Our City on Celluloid: Elephant
21 January 2022
As we celebrate the release of Kenneth Branagh’s Belfast at QFT, LUMI programmer Fionntán Macdonald takes a look back at the city’s storied history on the silver screen. This time Fionntán studies Alan Clarke's Elephant.

Initially a small TV vehicle, Elephant (1989) immediately courted controversy with its bare bones depiction of political violence, and went on to inspire filmmakers much farther afield than the streets of Belfast where is is based. This minimalist short film with a visceral documentary realist style approaches the then ongoing conflict and focuses almost solely on the calm and casual administration of violence.

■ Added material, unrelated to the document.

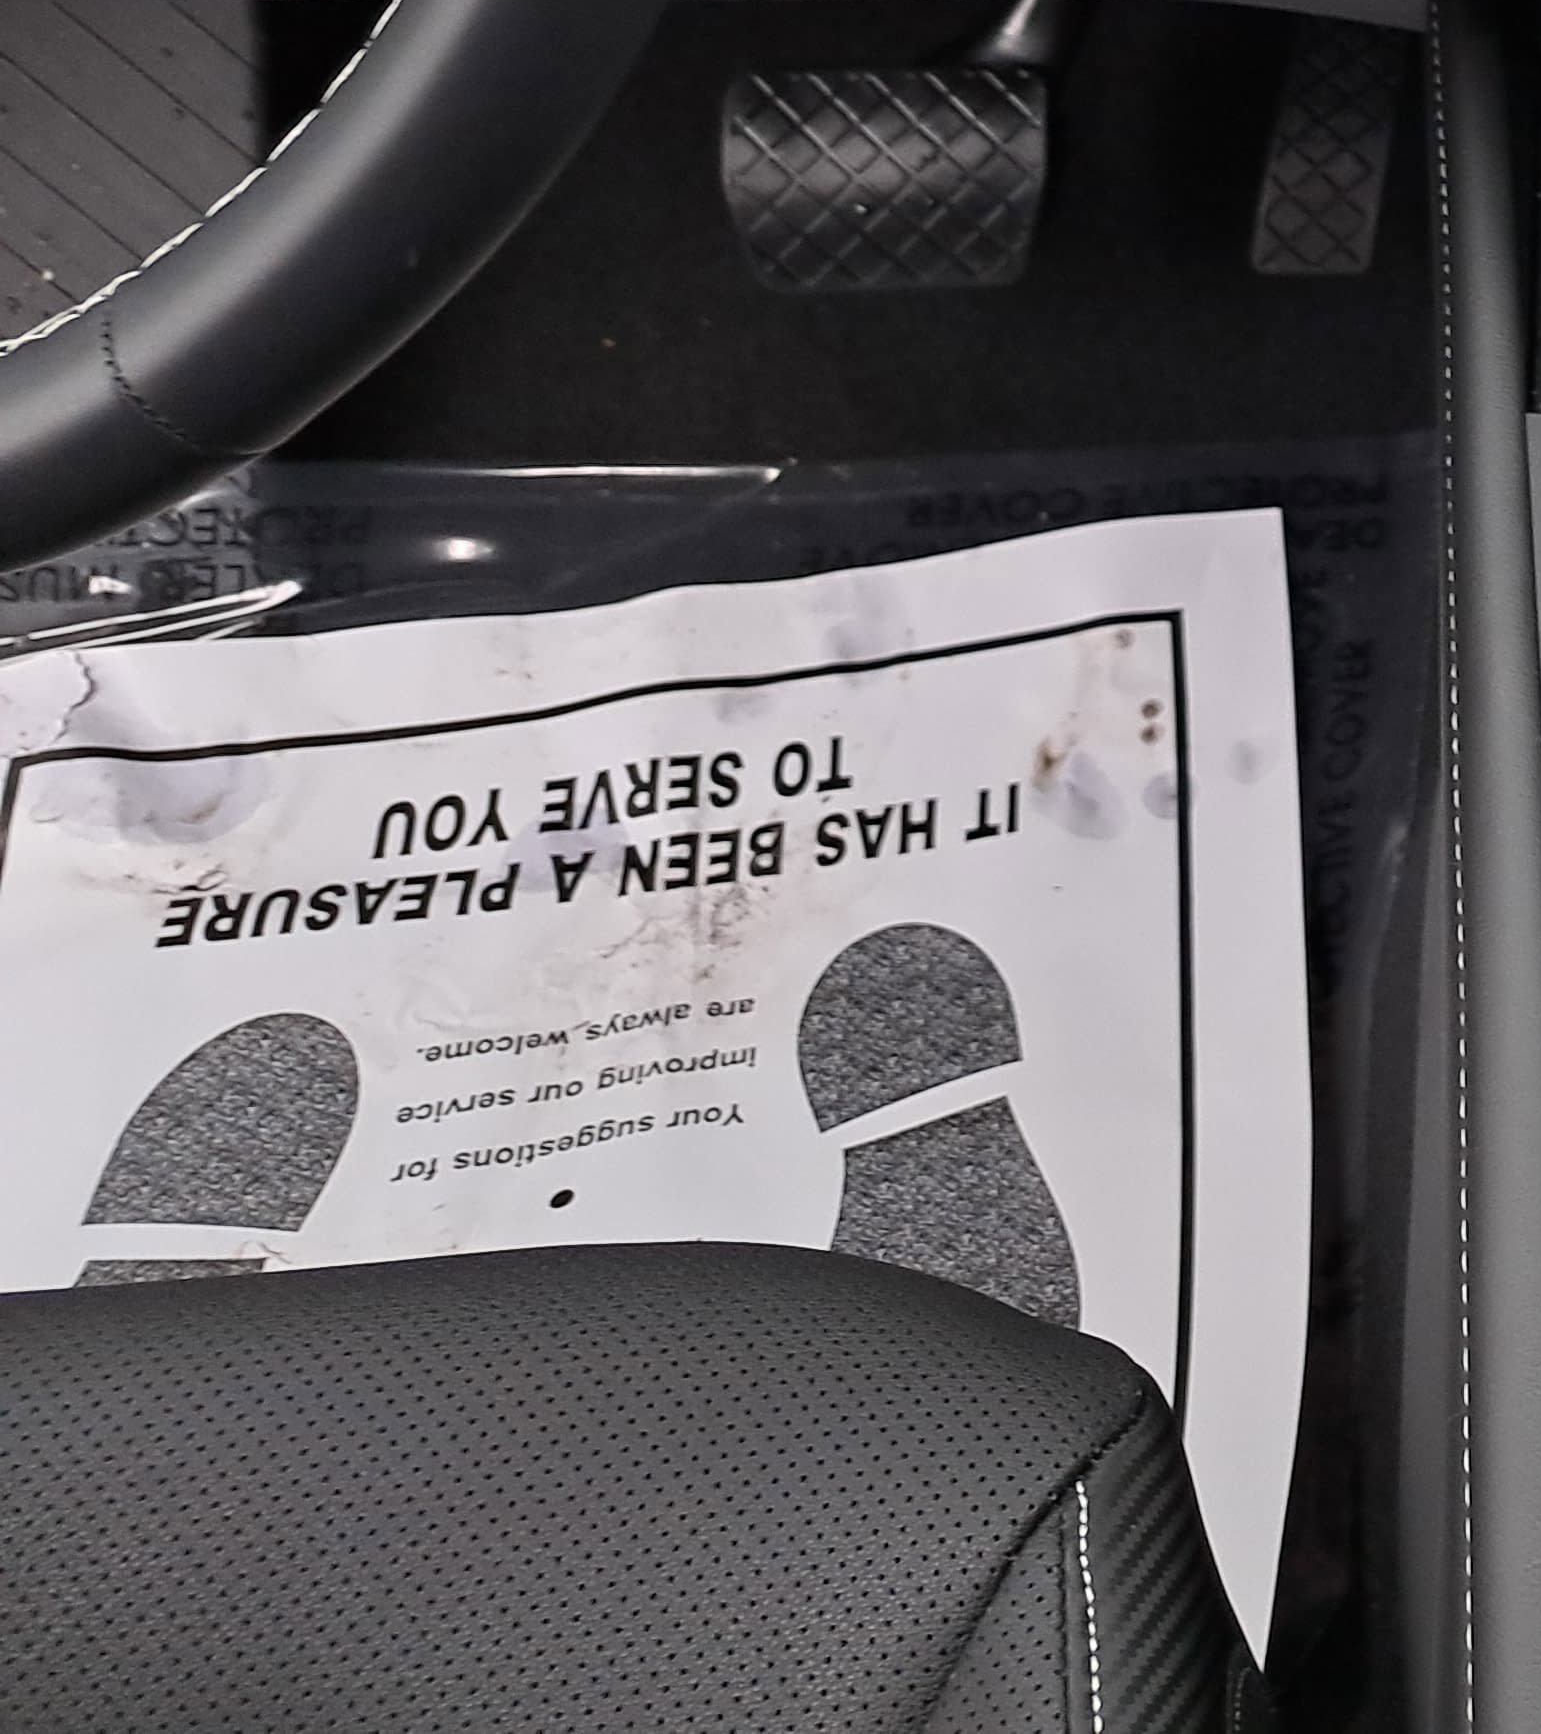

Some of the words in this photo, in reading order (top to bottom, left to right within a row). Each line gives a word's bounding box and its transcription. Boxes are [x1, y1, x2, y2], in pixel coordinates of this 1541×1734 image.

Directed by Alan Clarke and produced by future auteur Danny Boyle, Elephant was conceptualised as a visualisation of Bernard MacLaverty’s take that, “for some of us ‘The Troubles’ is the elephant in our living room”, and this quotation epitomises the dire social situation of Northern Ireland at the time and our collective refusal to meaningfully address it.
Clarke was an actively social filmmaker, an auteur unafraid of contentious content. His entire catalogue can be viewed as an exercise in social commentary from a compassionate and conscious man, who worked diligently to excise the compassionate eye from his camera. Such that from the very opening of this film, the reality of what you witness will jar with your expectations; be prepared.
The immediate focus is on the mundane and, quite literally, pedestrian as a lone figure approaches the camera on foot in a grey Belfast street. Here, Clarke immediately and succinctly establishes his visual motifs before swiftly ripping away the false sense of security he lulls us into. Our introductory figure is followed by a series of tracking and panning shots without formality, the silent movement of the camera is almost hypnotic, before a shotgun blast detonates the tranquility.
What Clarke has done here is promptly establish the formulae that will continue throughout: prosaic tableaus of humdrum life disrupted by intense burst of bloody violence. These illustrations of armed assaults make up the entirely minimalistic film, with very few cuts and shots that linger uncomfortably on the calm retreats of the assailants and the eviscerated corpses they leave behind, which just moments previously had been living beings with no discernible difference from their executioners.
In fact, all the figures depicted are conspicuously inconspicuous, clad largely in grey tones that almost camouflages them against the industrial landscape. These workaday assassins could be anyone and that is the disquieting point Clarke is making. Each of the killings depicted in Elephant were based on real murders that took place in Belfast, details lifted from authentic police reports. Each was a fully realised individual wiped from our city’s streets with detached brutality and left precisely as we see them depicted here: voiceless, now just a conflict statistic.
Clarke’s minimalism is not derivative of lack of effort or development in his ideas but rather a calculated abstraction that casts the viewer in the uncomfortable role of voyeur. We watch, from safety, as individuals are destroyed before us, denied of all agency. In this way the filmmakers are interrogating the dehumanising effect of societal violence. It is notable, in that regard, that the few dramatic edits within the film’s runtime tend to be smash cuts to weapons firing, the editor emulating effect of the gunman’s bullet.
Suitably, the settings of the murders are not stylised but alarmingly banal, set in the domestic and recreational spaces of homes, bars and football pitches. The arenas of our day-to-day are invaded by bloodshed utterly unceremoniously, and in that way this small film may capture Belfast’s distraught past better than any other cinematic entry.
Throughout his career Clarke specialised in documentary realism, a style of filmmaking which prioritises the authentic presentation of events above all stylistic concerns, and here he has stripped our domestic conflict down to its foundations by employing this style. There is not even any dialogue; no context, history or even motivation provided. No mention of who these assassins are aligned to. That is not relevant to the filmmakers, only the tragedy and the brutal loss of life.
As we have moved farther from our violent past, depictions of our environment on screen have thankfully become more positive. While we will look at such films going forward, it is still important to cast our eye back to a darker time so that we never forget the elephant in our living room.